Dogs are olfactory animals. A canine sense of smell differs to a great extent from us. It is almost forty times stronger than humans.

So, dogs are no different from a variety of flavors when finalizing the flavors that are not good for us and what fragrance is good for us.

Yet, for dogs, these types of smells feed them with information that helps them decide their next course of action.

On a happy note, this canine aversion to specific odors protects anything you do not want it to damage.

Make notes of all the smells dogs hate and use this information to protect your dog and your home.

Dogs Sense Of Smell

What makes this small piece of machinery work?

Putting it in simple words, dogs can detect some smells in parts per trillion. It means that a dog could find a small teaspoon of salt dissolved in a large reservoir filled with water.

An Amazing Nose for Odors

What we do not have, but the dogs have? They have something close to 300 million scent receptors, compared to just six million in humans.

A Presence of Second Olfactory System

Dogs have a second olfactory network. It is called Jacobson’s organs or the vomeronasal organ. This organ picks up pheromones, a significant set of chemicals that display mating readiness.

It is as if this organ functions with its separate library of scents.

Do you know? Your dog nose is almost tens of hundreds of times as efficient to smells as yours.
Do you Know? In reality, humans cannot wiggle their nostrils separately. Only dogs can.

10 Smells That Dogs Hate

1. Rubbing Alcohol (Isopropyl)




Some people seem to dislike or like the strong odor of alcohol to rub. You are not alone in this issue. Canines are haters when it comes to rubbing alcohol.

If you feel your dog does not behave properly, do not spray or pour the rubbing alcohol, but take a few cotton balls.

For added security, ensure that soaked cotton balls are safe from children.

That is one of the reasons dog owners use water instead of alcohol to clean their pet injuries.

It is essential to contact a vet to clean the wound.

Some other products that canines hate are antibacterial gels and alcoholic beverages. Alcoholic drinks are also toxic to pets.

2. Citrus




Humans, in general, love the rich smell of citrus. These fruits not only remind us of the long summer ahead, but the aroma is also powerful. All canines hate the smell of this fruit, be it grapefruit, limes, lemons, or oranges.

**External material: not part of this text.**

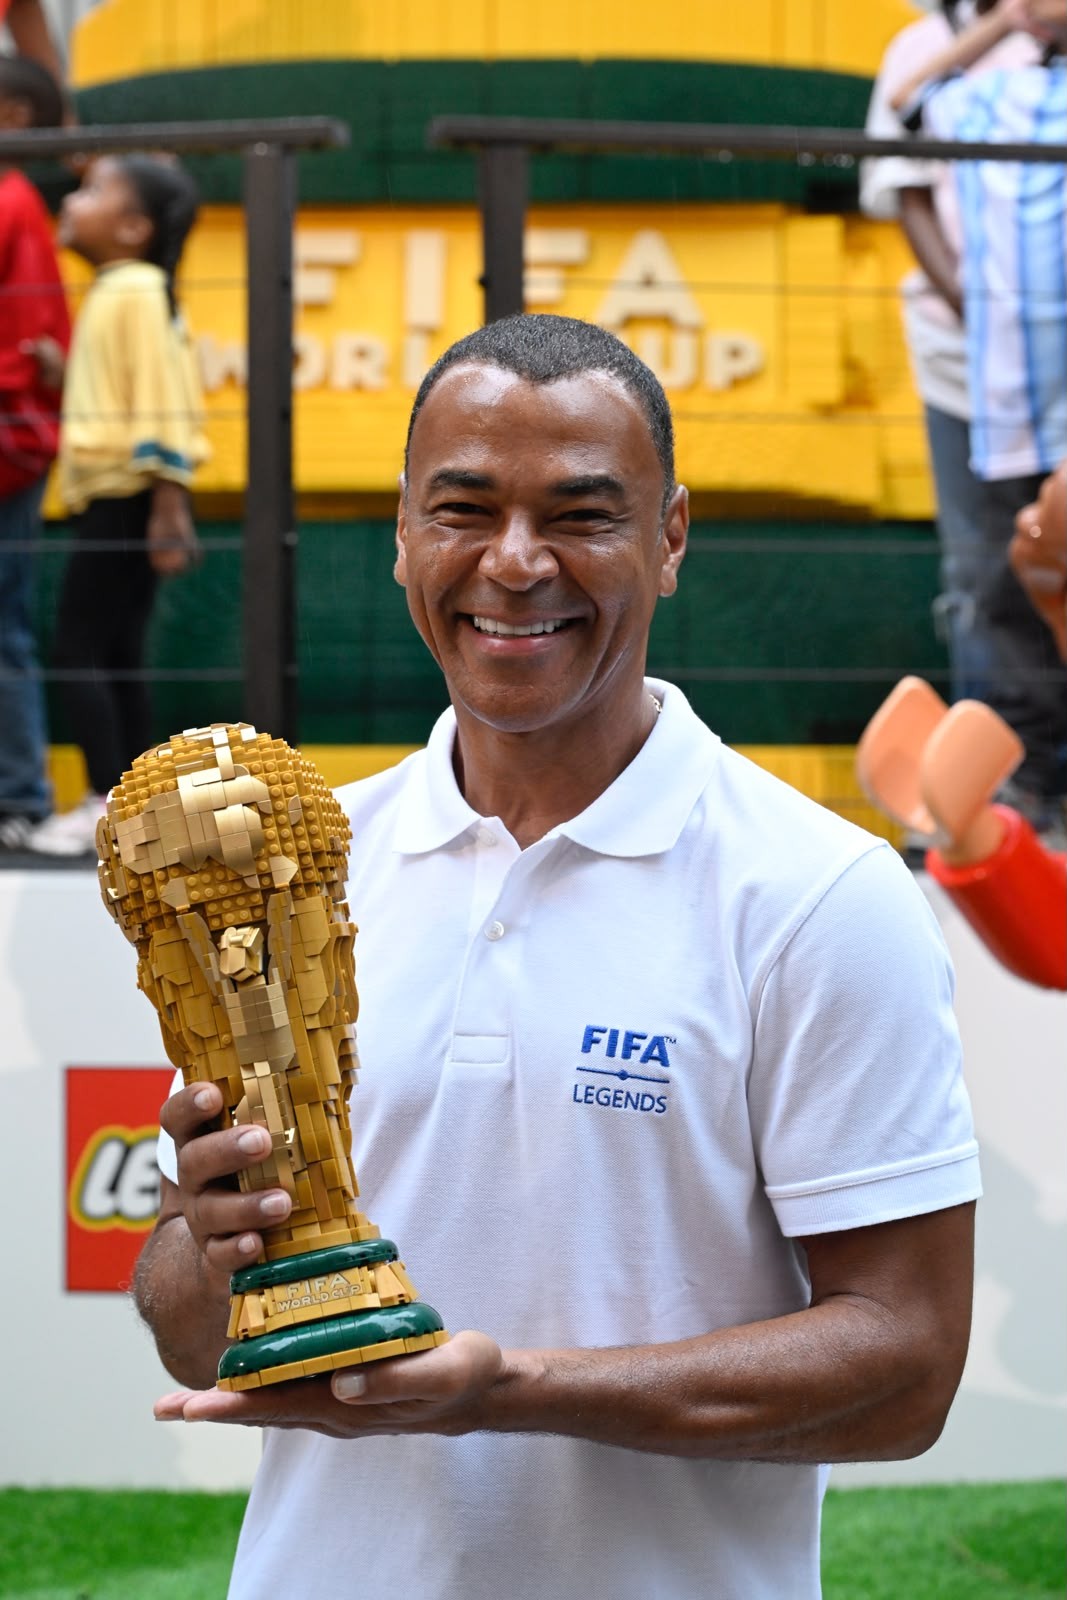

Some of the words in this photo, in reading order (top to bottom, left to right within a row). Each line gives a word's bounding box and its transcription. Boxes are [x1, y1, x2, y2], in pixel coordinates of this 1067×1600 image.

The dog’s sense of smell is forty times stronger than humans. If the perfume is hard for us, imagine how hard this will be for dogs. It can affect the respiratory tract to an extent.

They dislike smells produced by essential oils that carry this aroma. Essential oils emit a much powerful fragrance compared to the actual citrus fruit itself.

If you wish to use citrus, remove the peel, and place it in specific areas. You can fill a bottle with lemon juice and spray it on areas you want your dog to avoid.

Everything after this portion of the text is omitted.